Problem description:
Reproduce the lines below verbatim. Pictures are to be omitted.

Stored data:
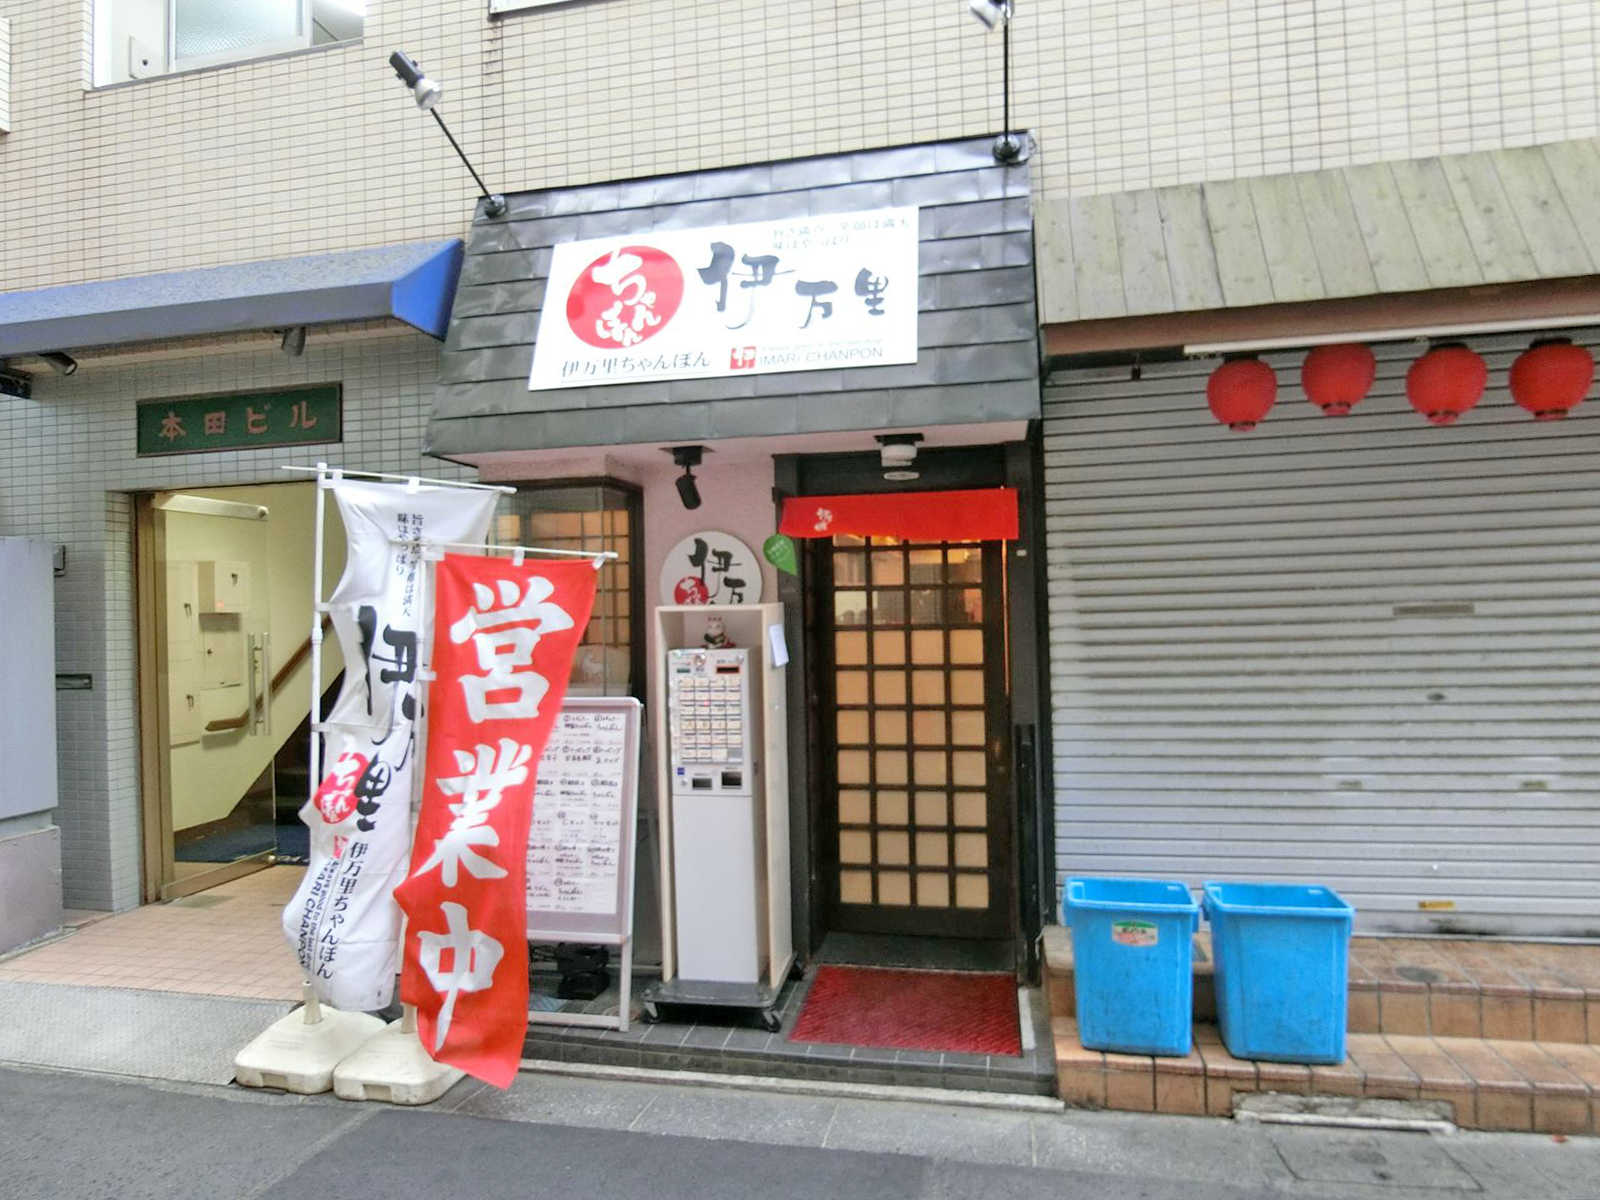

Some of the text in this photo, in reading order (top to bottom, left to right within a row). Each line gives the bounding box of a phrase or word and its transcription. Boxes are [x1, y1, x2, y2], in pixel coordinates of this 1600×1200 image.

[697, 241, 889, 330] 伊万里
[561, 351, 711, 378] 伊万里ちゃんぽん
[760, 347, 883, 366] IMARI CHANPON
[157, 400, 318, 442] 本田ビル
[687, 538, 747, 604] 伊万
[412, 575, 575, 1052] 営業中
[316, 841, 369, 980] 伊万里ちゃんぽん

Response area:
Some of the text in this photo, in reading order (top to bottom, left to right within a row). Each line gives the bounding box of a phrase or word and its transcription. Boxes are [x1, y1, x2, y2], in pixel coordinates of this 1600×1200 image.

[697, 241, 889, 330] 伊万里
[561, 351, 711, 378] 伊万里ちゃんぽん
[760, 347, 883, 366] IMARI CHANPON
[157, 400, 318, 442] 本田ビル
[687, 538, 747, 604] 伊万
[412, 575, 575, 1052] 営業中
[316, 841, 369, 980] 伊万里ちゃんぽん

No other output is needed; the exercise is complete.